[PROVIDED DATA — start]

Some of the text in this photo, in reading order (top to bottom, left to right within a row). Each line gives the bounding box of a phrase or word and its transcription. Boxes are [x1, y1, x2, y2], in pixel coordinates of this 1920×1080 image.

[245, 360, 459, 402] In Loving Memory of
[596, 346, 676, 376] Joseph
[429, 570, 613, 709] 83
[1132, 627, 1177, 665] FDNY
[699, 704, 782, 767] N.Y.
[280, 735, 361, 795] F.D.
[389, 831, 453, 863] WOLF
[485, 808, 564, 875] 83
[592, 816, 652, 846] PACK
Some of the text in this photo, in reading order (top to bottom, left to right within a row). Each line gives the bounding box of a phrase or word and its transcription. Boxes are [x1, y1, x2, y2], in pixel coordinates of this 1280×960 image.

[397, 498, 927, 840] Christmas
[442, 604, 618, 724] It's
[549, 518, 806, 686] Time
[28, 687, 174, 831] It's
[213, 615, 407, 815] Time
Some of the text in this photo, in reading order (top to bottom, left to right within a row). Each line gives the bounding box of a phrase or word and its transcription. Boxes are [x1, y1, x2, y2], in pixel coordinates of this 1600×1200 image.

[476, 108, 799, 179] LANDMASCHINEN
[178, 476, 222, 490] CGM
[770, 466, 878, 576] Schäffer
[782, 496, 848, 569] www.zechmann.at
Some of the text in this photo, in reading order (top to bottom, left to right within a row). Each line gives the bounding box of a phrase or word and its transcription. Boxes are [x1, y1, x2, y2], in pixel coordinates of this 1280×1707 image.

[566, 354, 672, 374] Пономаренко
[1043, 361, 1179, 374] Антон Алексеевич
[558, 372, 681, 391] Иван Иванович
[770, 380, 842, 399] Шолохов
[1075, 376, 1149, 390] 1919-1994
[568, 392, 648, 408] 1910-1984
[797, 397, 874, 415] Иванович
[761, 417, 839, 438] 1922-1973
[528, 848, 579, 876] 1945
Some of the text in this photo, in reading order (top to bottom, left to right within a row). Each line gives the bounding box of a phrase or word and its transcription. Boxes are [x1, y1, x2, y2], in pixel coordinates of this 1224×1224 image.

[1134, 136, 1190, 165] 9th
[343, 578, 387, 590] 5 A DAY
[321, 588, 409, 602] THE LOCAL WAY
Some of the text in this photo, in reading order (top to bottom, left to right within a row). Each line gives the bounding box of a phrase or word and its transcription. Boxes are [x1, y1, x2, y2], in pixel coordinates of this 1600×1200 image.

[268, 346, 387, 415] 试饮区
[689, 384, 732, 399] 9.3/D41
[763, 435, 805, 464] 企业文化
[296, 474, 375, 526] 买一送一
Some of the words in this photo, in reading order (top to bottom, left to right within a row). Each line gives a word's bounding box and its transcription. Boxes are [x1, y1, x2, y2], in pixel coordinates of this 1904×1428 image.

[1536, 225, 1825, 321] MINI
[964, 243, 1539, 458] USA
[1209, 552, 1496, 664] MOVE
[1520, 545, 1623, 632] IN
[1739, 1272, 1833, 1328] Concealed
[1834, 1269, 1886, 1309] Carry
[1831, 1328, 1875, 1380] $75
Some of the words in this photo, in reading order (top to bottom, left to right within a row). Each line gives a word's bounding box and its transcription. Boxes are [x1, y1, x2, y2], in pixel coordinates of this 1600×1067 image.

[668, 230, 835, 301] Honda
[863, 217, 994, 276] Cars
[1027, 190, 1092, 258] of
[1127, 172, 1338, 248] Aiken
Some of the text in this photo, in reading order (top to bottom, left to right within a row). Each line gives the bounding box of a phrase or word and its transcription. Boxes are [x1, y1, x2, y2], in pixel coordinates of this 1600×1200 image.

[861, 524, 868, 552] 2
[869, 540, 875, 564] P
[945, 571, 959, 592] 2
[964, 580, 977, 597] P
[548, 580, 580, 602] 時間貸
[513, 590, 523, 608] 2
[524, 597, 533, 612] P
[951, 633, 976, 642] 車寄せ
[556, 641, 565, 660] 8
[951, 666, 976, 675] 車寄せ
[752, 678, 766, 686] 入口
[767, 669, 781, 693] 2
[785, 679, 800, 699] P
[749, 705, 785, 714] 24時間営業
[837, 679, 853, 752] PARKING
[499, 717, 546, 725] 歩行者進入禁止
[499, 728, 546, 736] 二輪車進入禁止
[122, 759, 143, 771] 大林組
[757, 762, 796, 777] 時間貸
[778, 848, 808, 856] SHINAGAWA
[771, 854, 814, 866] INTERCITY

[PROVIDED DATA — finish]

▸ WHAT THIS TASK INVOLVES:
Retype exactly the lines from the one containing "this 1600×1067 image." through the end of the data. Add nothing.

▸ SOLUTION:
Some of the words in this photo, in reading order (top to bottom, left to right within a row). Each line gives a word's bounding box and its transcription. Boxes are [x1, y1, x2, y2], in pixel coordinates of this 1600×1067 image.

[668, 230, 835, 301] Honda
[863, 217, 994, 276] Cars
[1027, 190, 1092, 258] of
[1127, 172, 1338, 248] Aiken
Some of the text in this photo, in reading order (top to bottom, left to right within a row). Each line gives the bounding box of a phrase or word and its transcription. Boxes are [x1, y1, x2, y2], in pixel coordinates of this 1600×1200 image.

[861, 524, 868, 552] 2
[869, 540, 875, 564] P
[945, 571, 959, 592] 2
[964, 580, 977, 597] P
[548, 580, 580, 602] 時間貸
[513, 590, 523, 608] 2
[524, 597, 533, 612] P
[951, 633, 976, 642] 車寄せ
[556, 641, 565, 660] 8
[951, 666, 976, 675] 車寄せ
[752, 678, 766, 686] 入口
[767, 669, 781, 693] 2
[785, 679, 800, 699] P
[749, 705, 785, 714] 24時間営業
[837, 679, 853, 752] PARKING
[499, 717, 546, 725] 歩行者進入禁止
[499, 728, 546, 736] 二輪車進入禁止
[122, 759, 143, 771] 大林組
[757, 762, 796, 777] 時間貸
[778, 848, 808, 856] SHINAGAWA
[771, 854, 814, 866] INTERCITY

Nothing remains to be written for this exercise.